[Task details] Every entry in the data that follows should come back exactly, pictures aside.

--- Entries provided Enclosed Below ---

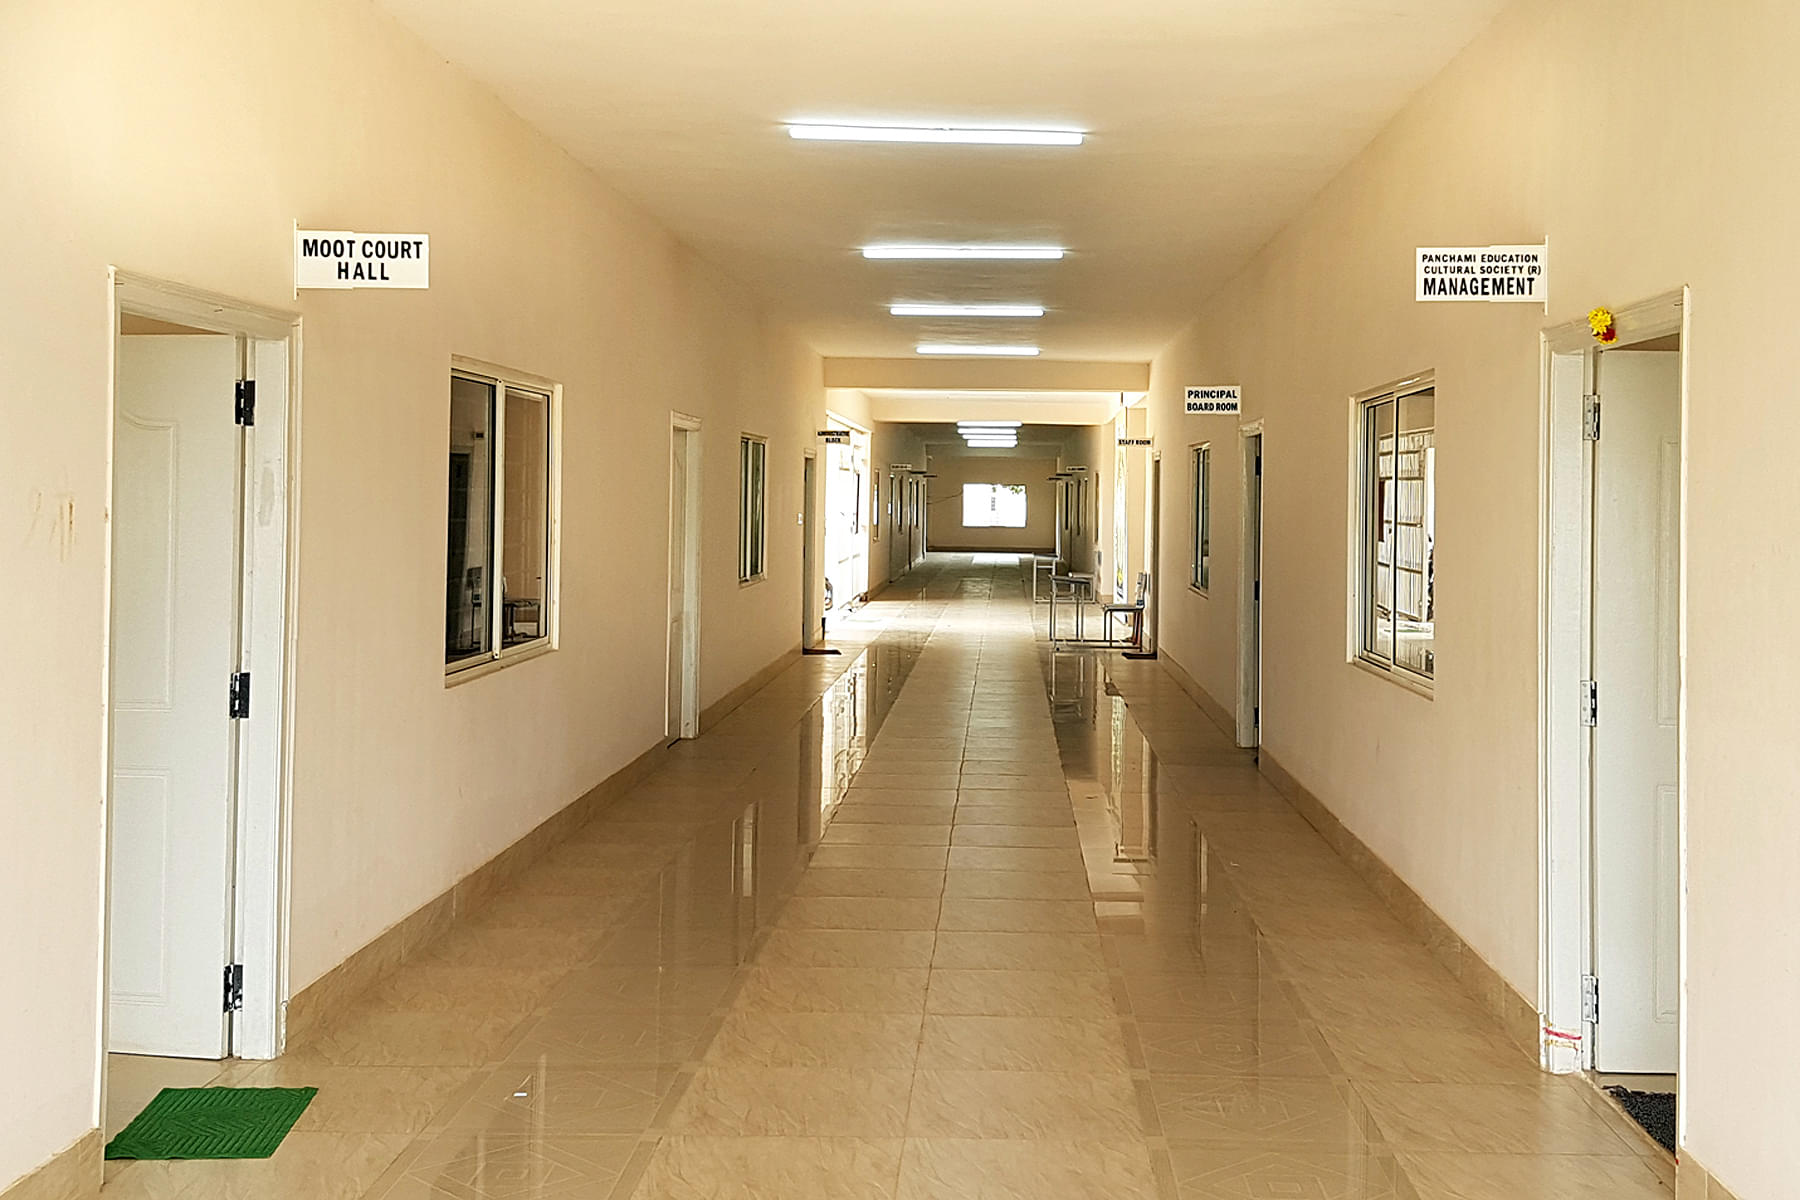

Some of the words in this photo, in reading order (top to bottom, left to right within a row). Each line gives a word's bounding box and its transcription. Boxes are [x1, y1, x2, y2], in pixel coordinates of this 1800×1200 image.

[303, 239, 355, 258] MOOT
[362, 240, 423, 259] COURT
[1422, 254, 1476, 263] PANCHAMI
[1481, 254, 1538, 263] EDUCATION
[338, 261, 389, 280] HALL
[1424, 265, 1476, 274] CULTURAL
[1480, 265, 1524, 275] SOCIETY
[1528, 265, 1542, 275] (R)
[1423, 277, 1535, 296] MANAGEMENT
[1187, 390, 1238, 399] PRINCIPAL
[1187, 402, 1215, 411] BOARD
[1216, 402, 1238, 411] ROOM

--- End of Enclosed Entries provided ---

[Response to this exercise]
Some of the words in this photo, in reading order (top to bottom, left to right within a row). Each line gives a word's bounding box and its transcription. Boxes are [x1, y1, x2, y2], in pixel coordinates of this 1800×1200 image.

[303, 239, 355, 258] MOOT
[362, 240, 423, 259] COURT
[1422, 254, 1476, 263] PANCHAMI
[1481, 254, 1538, 263] EDUCATION
[338, 261, 389, 280] HALL
[1424, 265, 1476, 274] CULTURAL
[1480, 265, 1524, 275] SOCIETY
[1528, 265, 1542, 275] (R)
[1423, 277, 1535, 296] MANAGEMENT
[1187, 390, 1238, 399] PRINCIPAL
[1187, 402, 1215, 411] BOARD
[1216, 402, 1238, 411] ROOM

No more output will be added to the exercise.